[Text-to-region grounding data]
-----
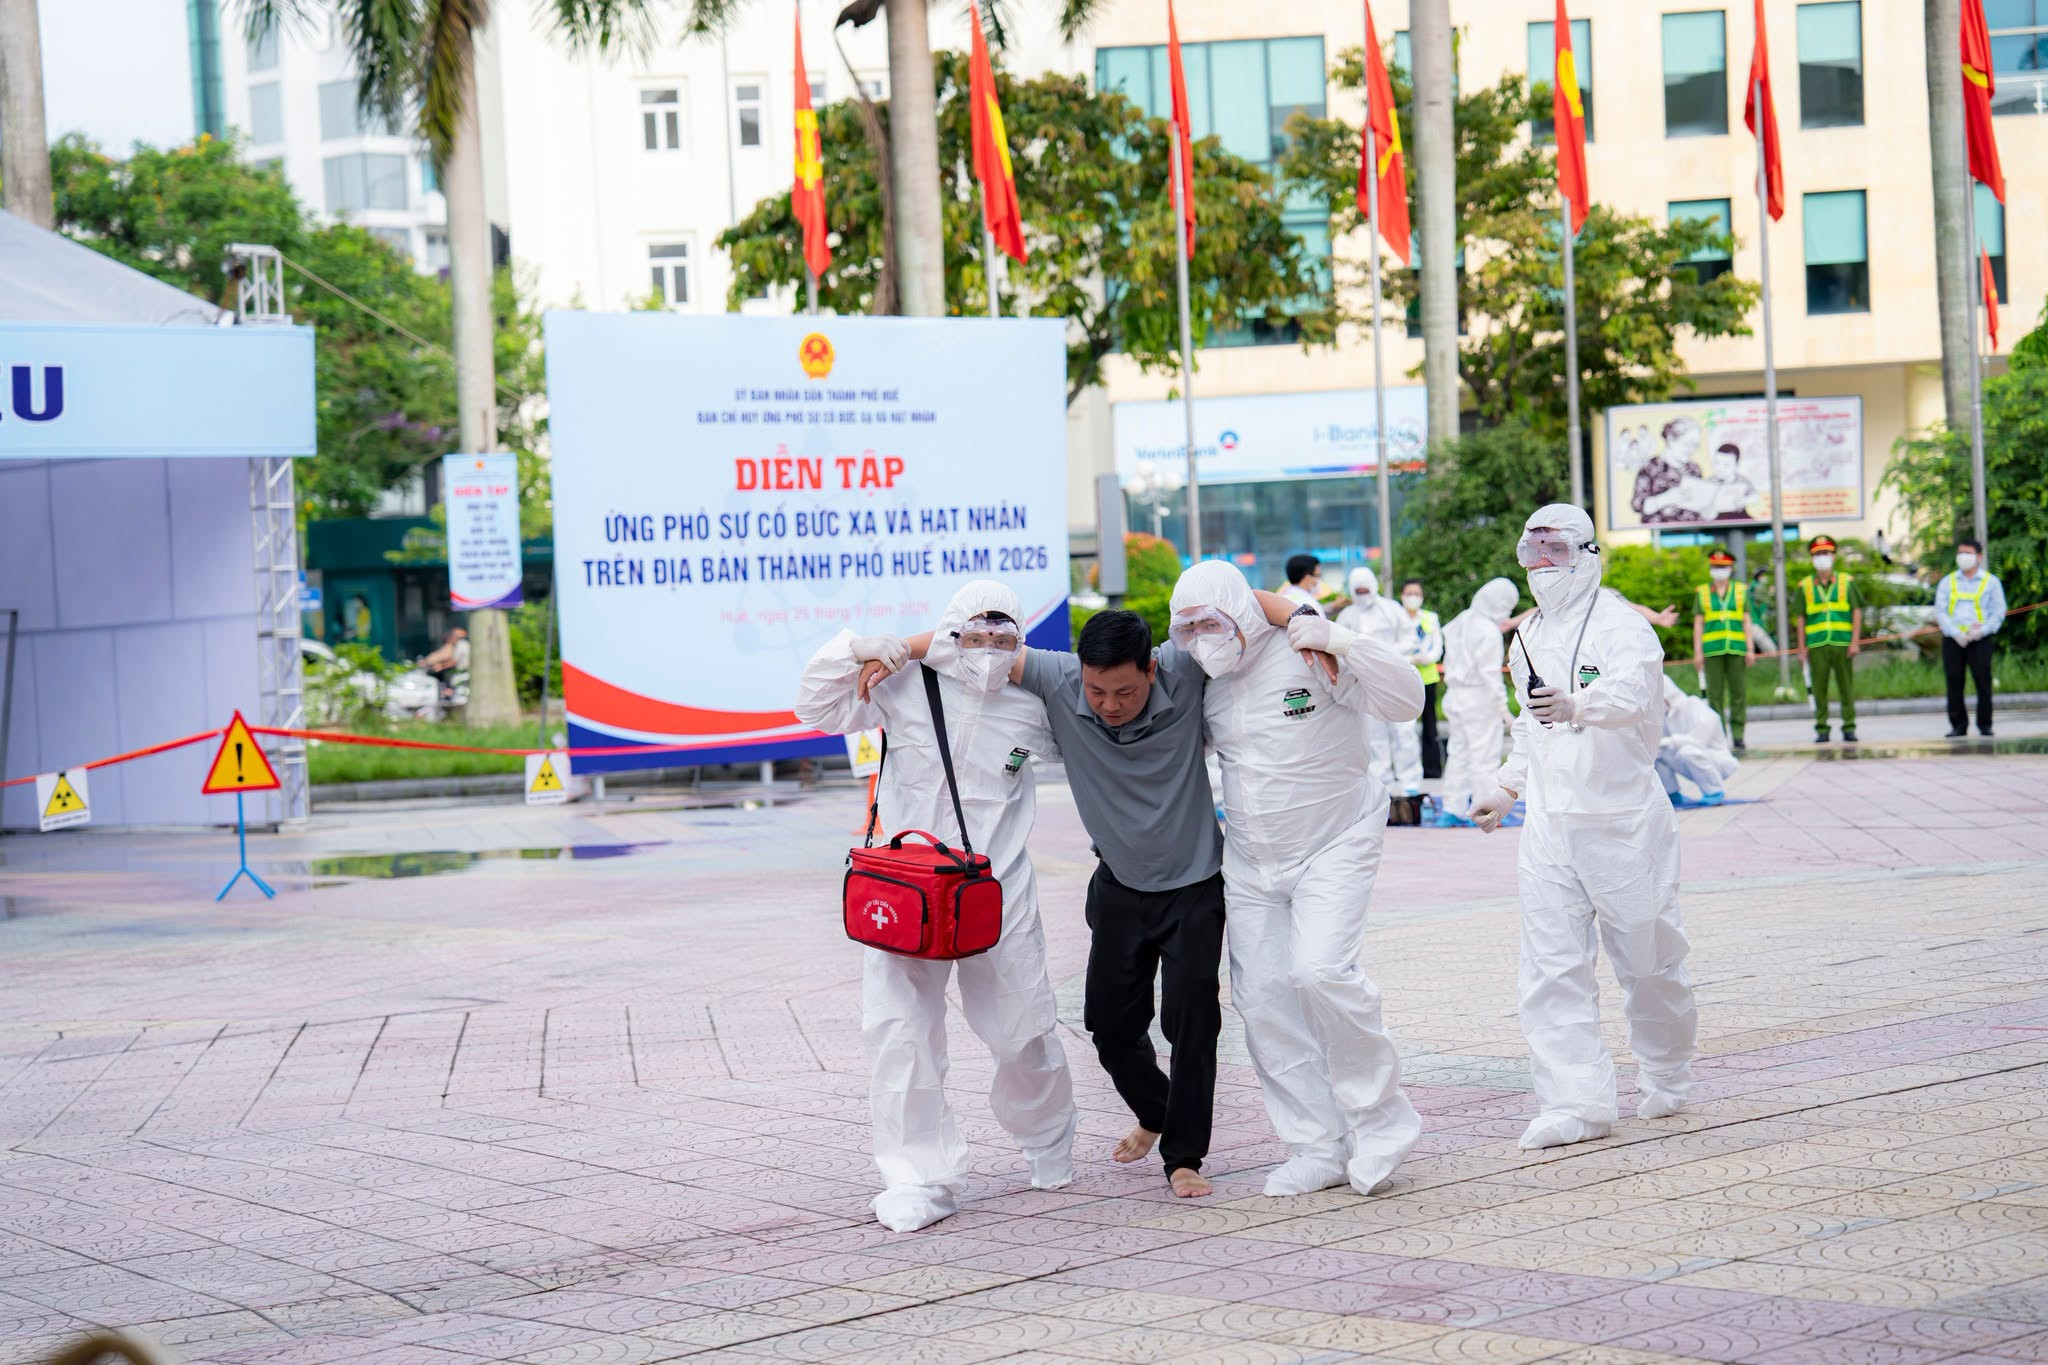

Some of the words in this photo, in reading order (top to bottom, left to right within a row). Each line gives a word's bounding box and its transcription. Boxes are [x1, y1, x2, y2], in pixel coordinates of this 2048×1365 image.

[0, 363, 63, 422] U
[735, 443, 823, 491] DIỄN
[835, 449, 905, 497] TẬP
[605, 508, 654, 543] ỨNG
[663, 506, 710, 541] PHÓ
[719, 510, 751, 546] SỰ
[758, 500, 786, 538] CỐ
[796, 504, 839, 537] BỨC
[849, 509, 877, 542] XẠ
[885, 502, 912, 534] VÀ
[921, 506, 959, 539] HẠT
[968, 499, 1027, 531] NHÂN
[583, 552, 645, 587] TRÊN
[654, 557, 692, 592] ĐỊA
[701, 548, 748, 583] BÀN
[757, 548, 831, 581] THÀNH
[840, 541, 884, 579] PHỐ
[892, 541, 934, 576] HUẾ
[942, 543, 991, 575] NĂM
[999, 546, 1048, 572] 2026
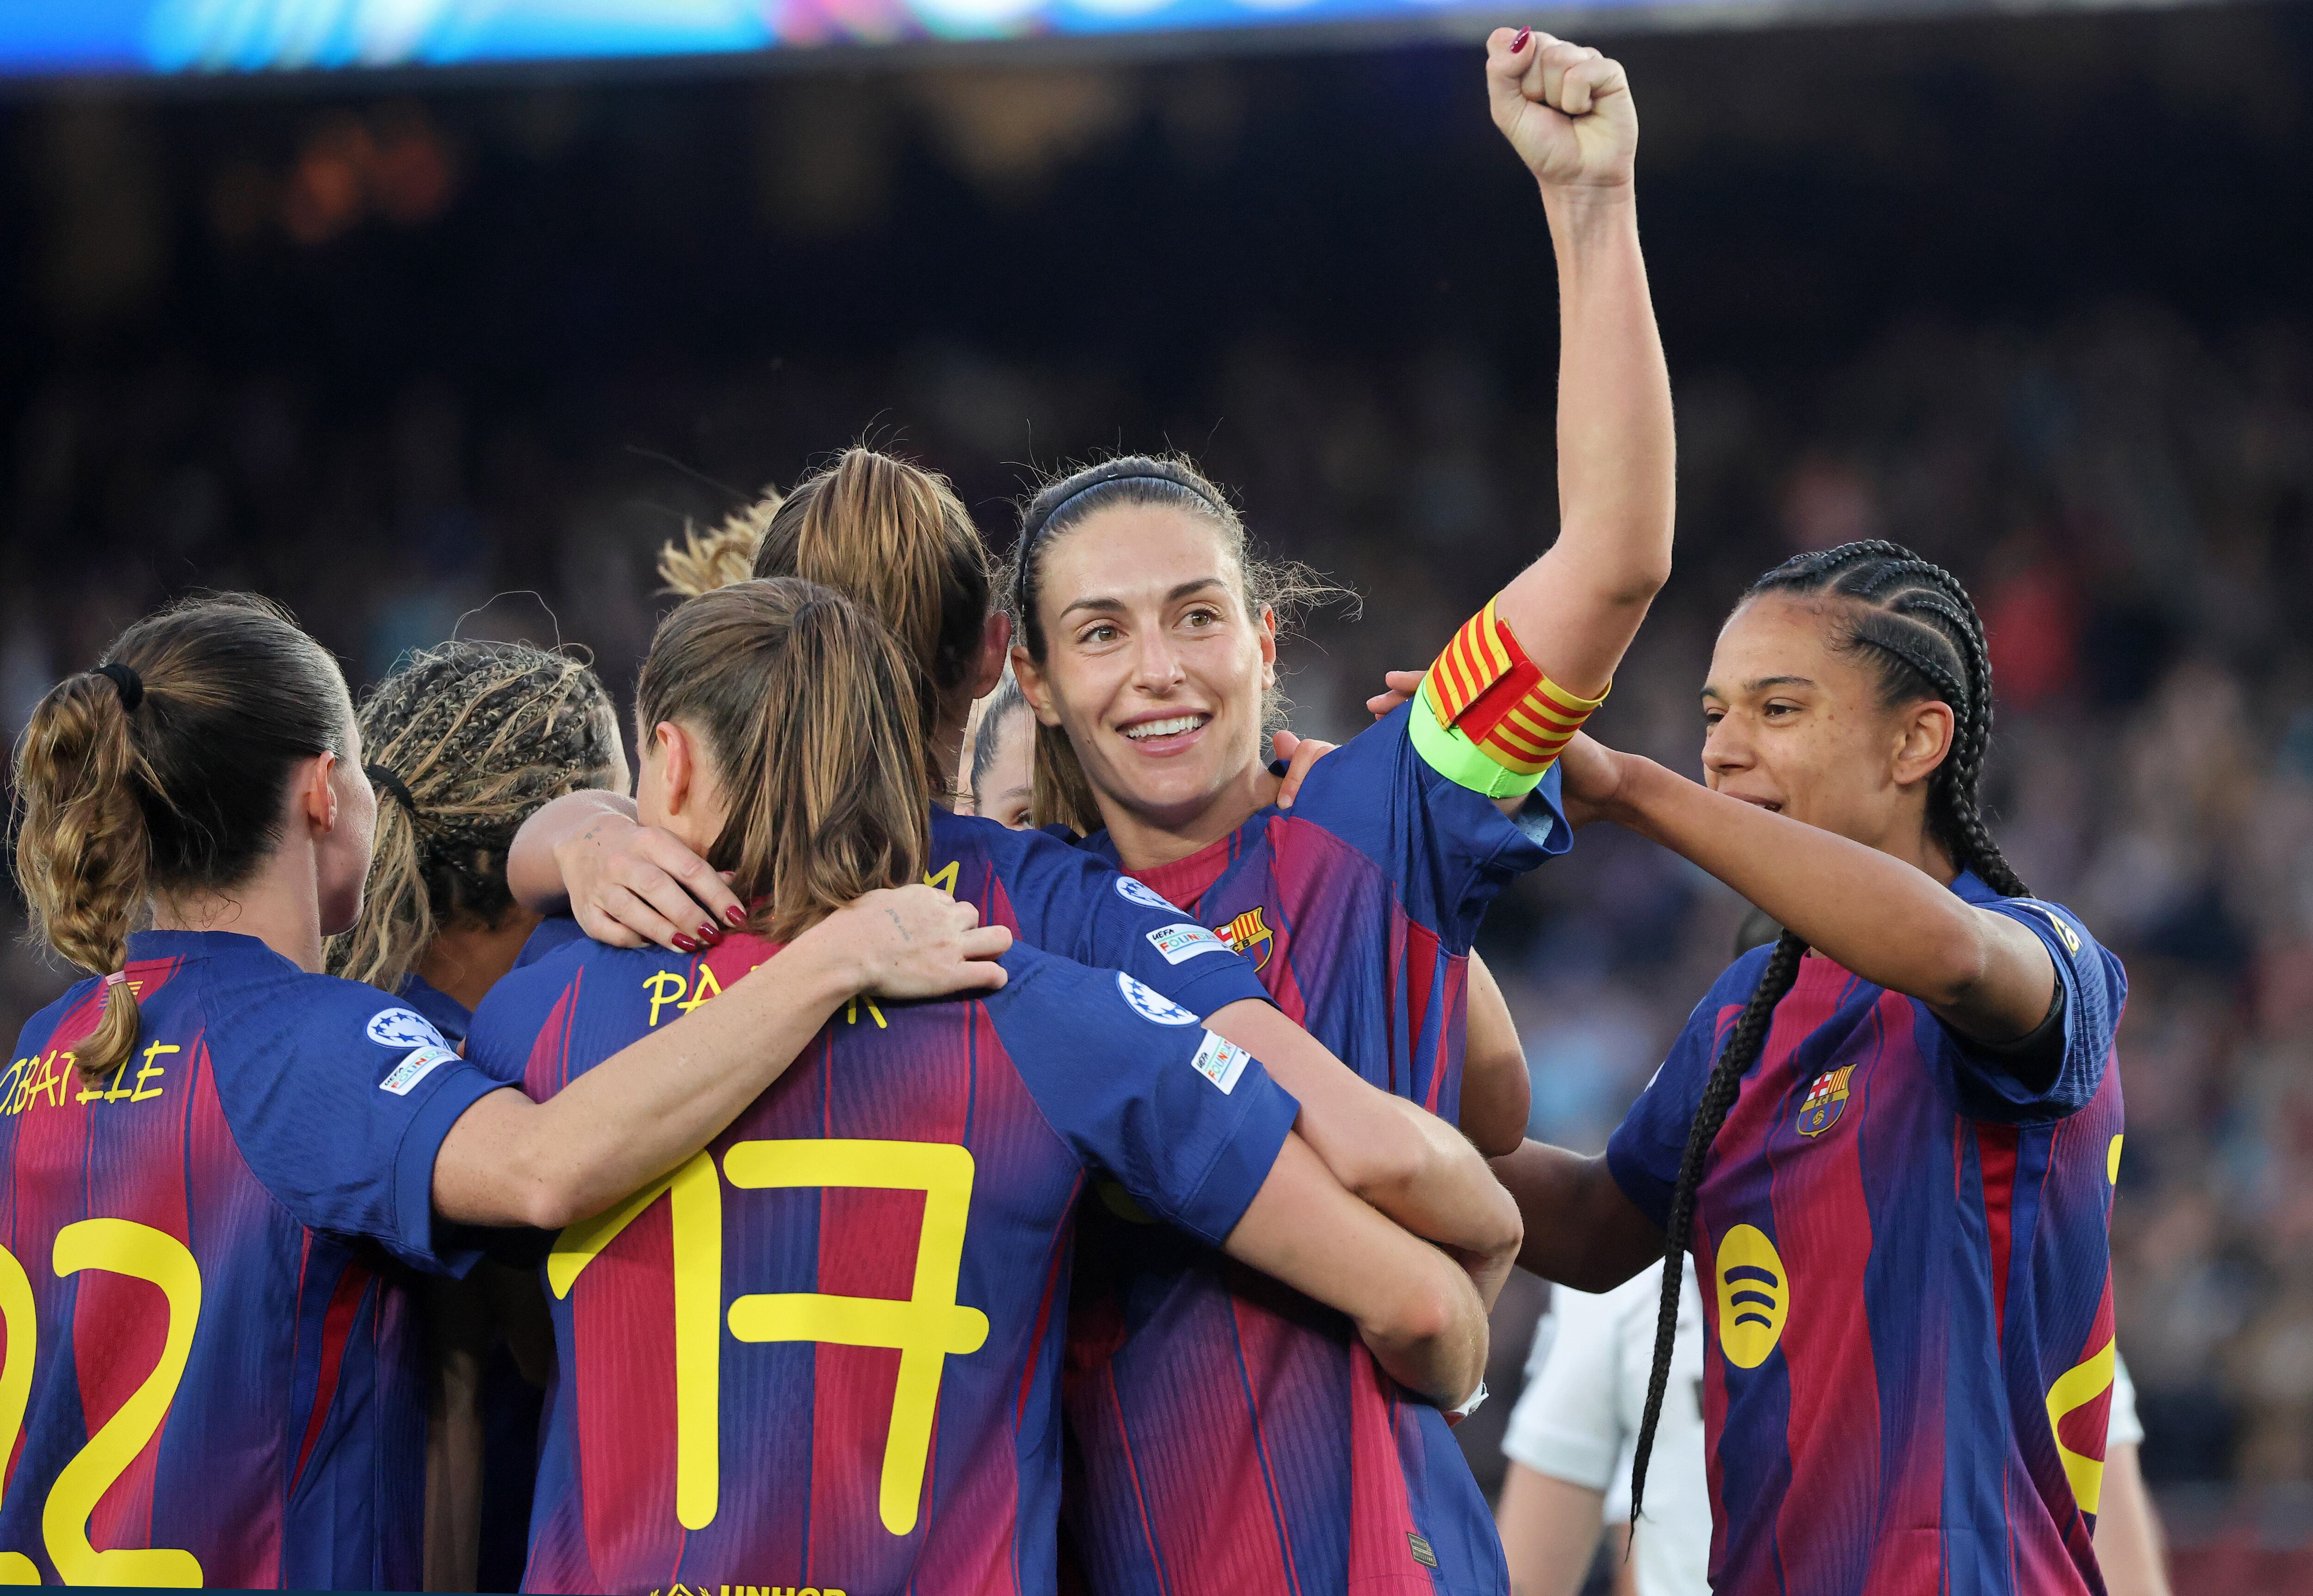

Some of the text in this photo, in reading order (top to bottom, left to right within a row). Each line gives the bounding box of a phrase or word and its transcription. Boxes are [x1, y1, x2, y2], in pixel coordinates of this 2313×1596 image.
-----
> Exercise
Transcribe all of the records above exactly; no image should appear in what you write.

> Answer box
Some of the words in this photo, in reading order (top to bottom, left to right within a row). Each line gives a word's bounding box and its transcription. Boxes are [x1, y1, x2, y2], in pixel coordinates of this 2048×1365 image.

[0, 363, 63, 422] U
[735, 443, 823, 491] DIỄN
[835, 449, 905, 497] TẬP
[605, 508, 654, 543] ỨNG
[663, 506, 710, 541] PHÓ
[719, 510, 751, 546] SỰ
[758, 500, 786, 538] CỐ
[796, 504, 839, 537] BỨC
[849, 509, 877, 542] XẠ
[885, 502, 912, 534] VÀ
[921, 506, 959, 539] HẠT
[968, 499, 1027, 531] NHÂN
[583, 552, 645, 587] TRÊN
[654, 557, 692, 592] ĐỊA
[701, 548, 748, 583] BÀN
[757, 548, 831, 581] THÀNH
[840, 541, 884, 579] PHỐ
[892, 541, 934, 576] HUẾ
[942, 543, 991, 575] NĂM
[999, 546, 1048, 572] 2026

Some of the text in this photo, in reading order (top to bottom, left to right within a row). Each line gives the bounding box of a phrase or word and its transcription. Boxes are [x1, y1, x2, y2], in pixel coordinates of this 2313×1596 image.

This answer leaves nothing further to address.